After the general healthcare reforms of the 18th century, midwifery gained a somewhat more solid professional status, yet some of its basic facilities were still lacking 100 years later. In the 18th-century Austro-Hungarian Empire, midwifery offered a regulated education, a source of income, and a respected status to women who could, if necessary, use it as a socially endorsed way of leaving their families or communities behind. Midwifery was also a way of gaining a respectable social position for women who were previously shunned or condemned, such as spinsters, young widows, or “fallen” women. The society of midwives had several different “castes”, the spectrum ranging from urban, well-educated midwives to those who worked in small villages with women of lower socioeconomic status. The urban-rural rivalry between these two groups was escalated by the advocacy work of the Hungarian Midwives’ Association (initiated in the early 20th century by male doctors) and related publications, such as the Midwives’ Journal (Szülésznők Lapja) or the Midwives’ Guide (Bábakalauz).

As a result of the 20th-century institutionalization of birth, midwives, who previously worked in the home, were ushered first into birthing homes and later on into hospitals; a move that greatly curtailed their independence, downgrading them to second-rate health workers. Besides the gradual elimination of their original profession, regulated by the world of local customs, this shift also lead to the homogenization of the birth experience and the interruption of birth-related rites. With the marginalization of midwifery and the increased authority of medicalized obstetrics, the knowledge surrounding female anatomy and reproductive functions was on its way to becoming a male monopoly. Yet, according to research, this was a gradual process, as retrained midwives continued to show some attachment to the values medical professionals considered to be quackery. The importance of intuition and female community, as well as the careful attention to postpartum care was still palpable, yet the faith in the positive effect of interfering with natural processes, as well as the rationality of a technocratic view on birth was already present.

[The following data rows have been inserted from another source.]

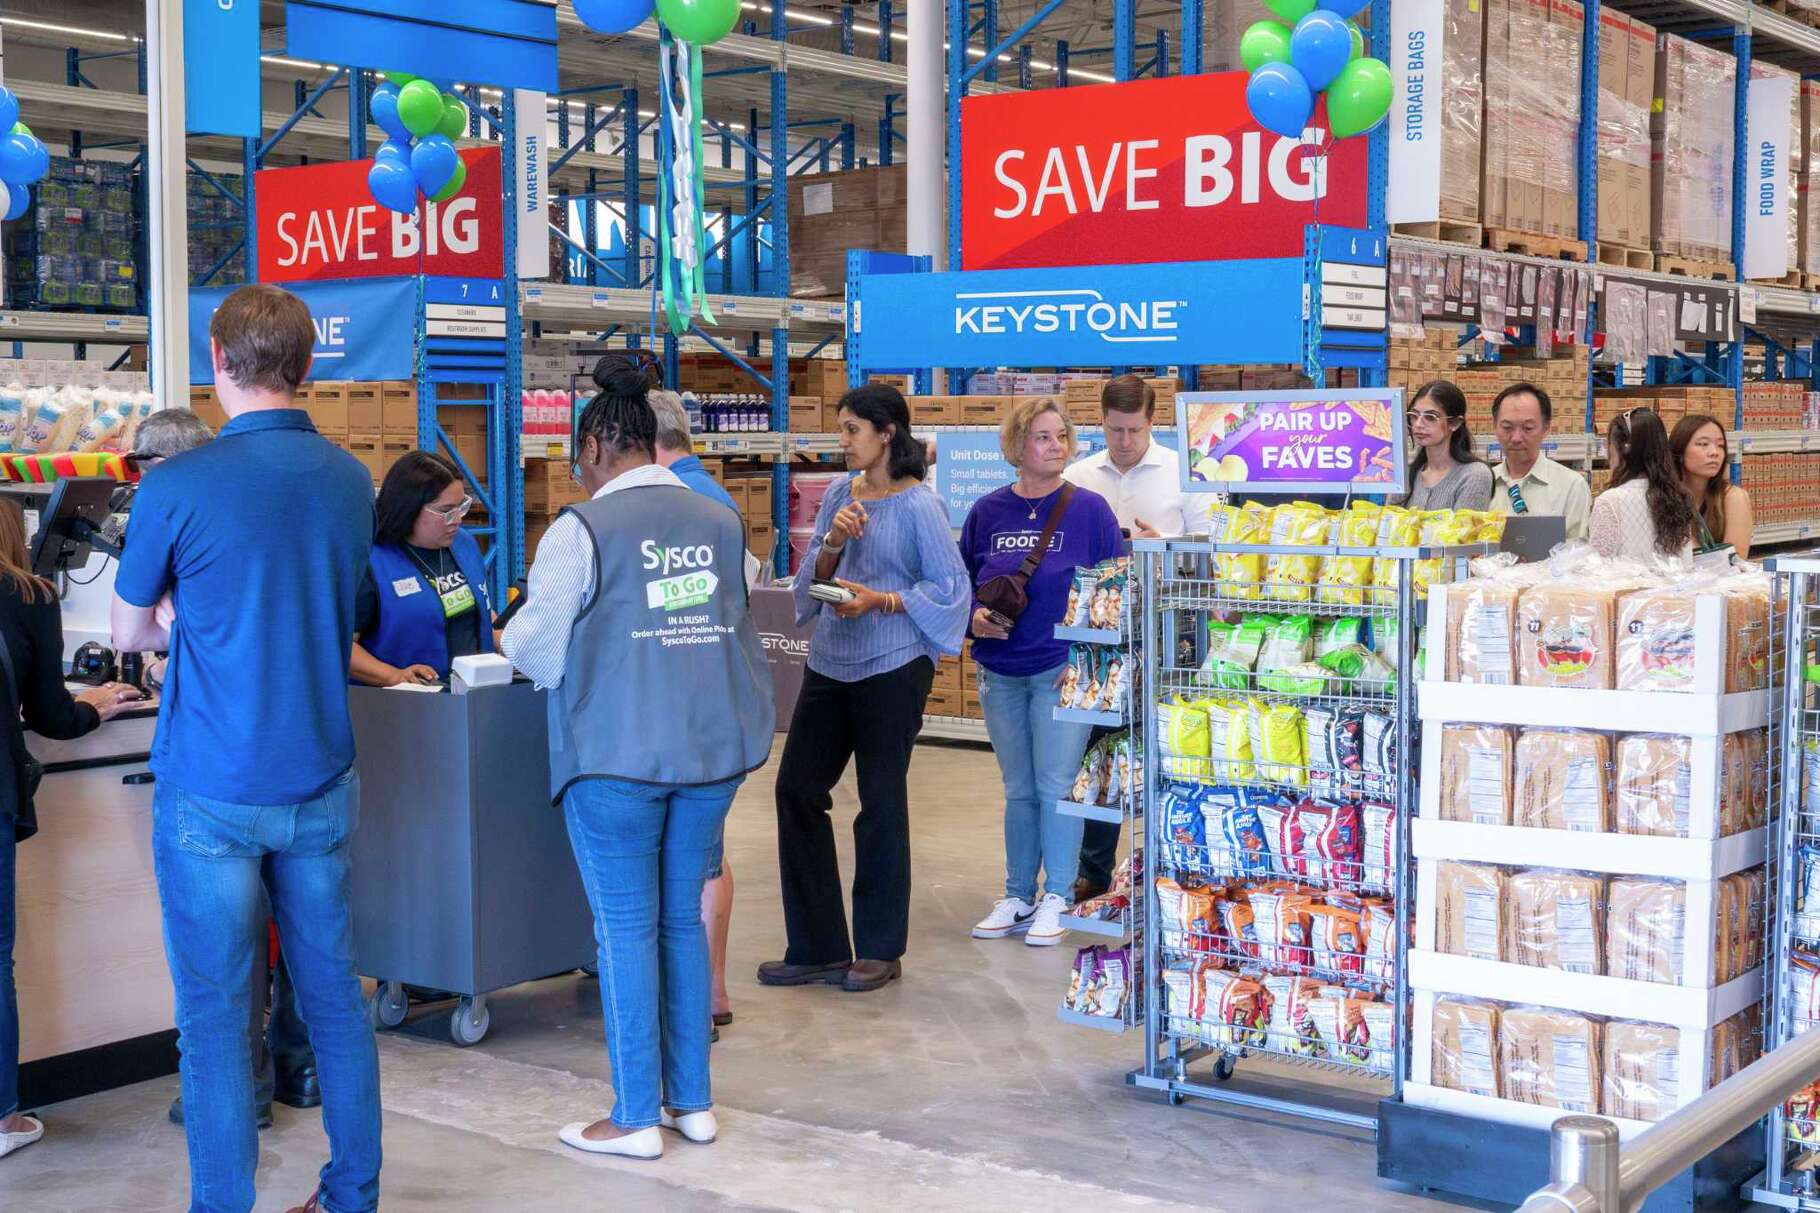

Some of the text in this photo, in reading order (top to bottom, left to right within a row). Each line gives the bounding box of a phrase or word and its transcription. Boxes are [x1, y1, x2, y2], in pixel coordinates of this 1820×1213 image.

[1406, 31, 1425, 141] STORAGE BAGS
[526, 135, 538, 213] WAREWASH
[992, 127, 1328, 219] SAVE BIG
[1760, 141, 1776, 216] FOOD WRAP
[276, 197, 479, 267] SAVE BIG
[1351, 237, 1357, 255] 6
[1374, 240, 1380, 257] A
[462, 284, 468, 298] 7
[491, 285, 498, 299] A
[955, 300, 1178, 335] KEYSTONE
[1260, 412, 1352, 431] PAIR UP
[1288, 434, 1328, 457] your
[950, 449, 971, 461] Unit
[974, 450, 1000, 461] Dose
[1262, 446, 1353, 469] FAVES
[951, 468, 1008, 479] Small tablets.
[951, 483, 965, 496] Big
[950, 498, 962, 508] for
[996, 536, 1056, 549] FOODE
[641, 540, 714, 575] Sysco
[659, 577, 707, 598] To Go
[668, 615, 709, 625] IN A RUSH?
[631, 628, 654, 639] Order
[655, 627, 677, 637] ahead
[678, 626, 690, 635] with
[691, 625, 713, 635] Online
[662, 635, 720, 647] SyscoToGo.com
[760, 637, 809, 652] STONE
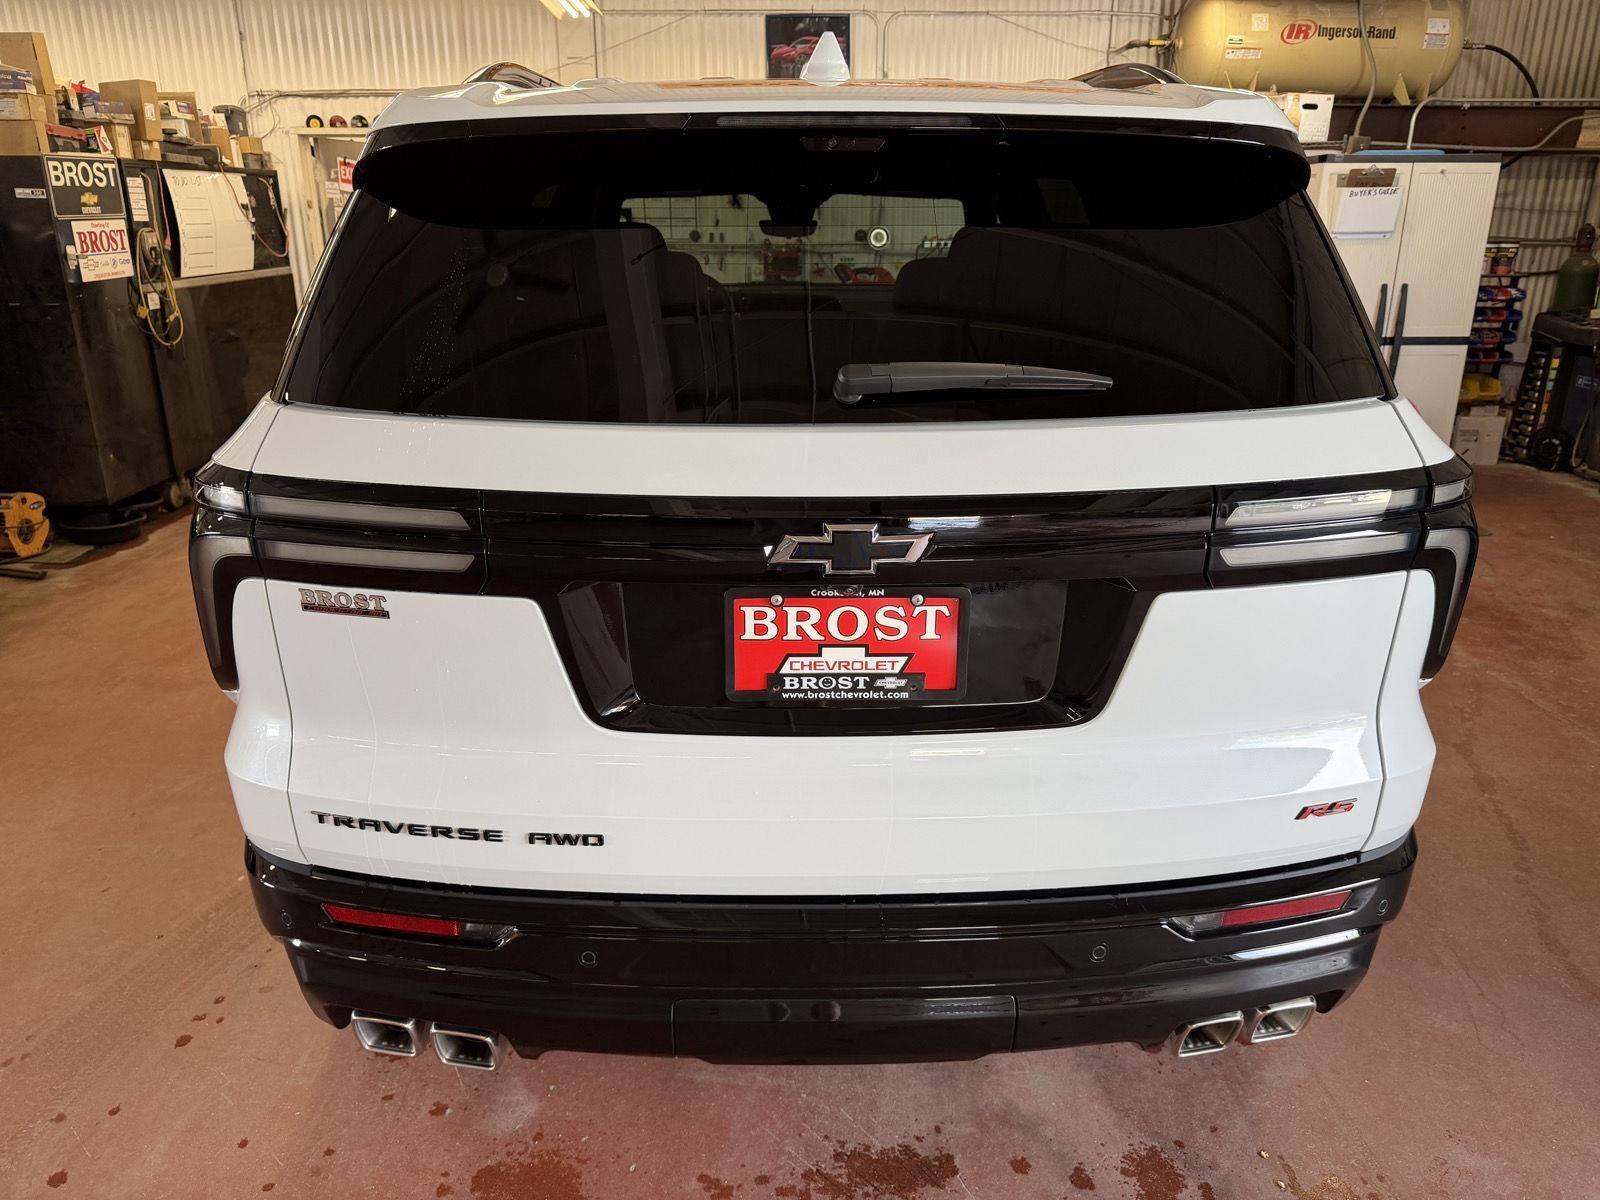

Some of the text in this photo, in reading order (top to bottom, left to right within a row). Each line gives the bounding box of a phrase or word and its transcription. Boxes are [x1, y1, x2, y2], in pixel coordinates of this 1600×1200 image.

[1285, 23, 1312, 40] IR
[47, 160, 116, 187] BROST
[76, 229, 127, 254] BROST
[298, 587, 387, 612] BROST
[868, 588, 885, 597] MN
[739, 604, 952, 642] BROST
[789, 660, 900, 671] CHEVROLET
[782, 676, 870, 690] BROST
[782, 690, 909, 699] www.brostchevrolet.com
[1294, 798, 1358, 820] RS
[311, 810, 605, 847] TRAVERSE AWD

The latter is an attribute of modern birth culture, also characterized by a controlling institutional system, medicalization, an authoritarian attitude, and the radical separation of soul from body. By the mid-1950s, almost half of the births in Hungary took place in the hospital, but as recollections testify, most mothers still felt averse to giving birth in an institutional setting, far from their home.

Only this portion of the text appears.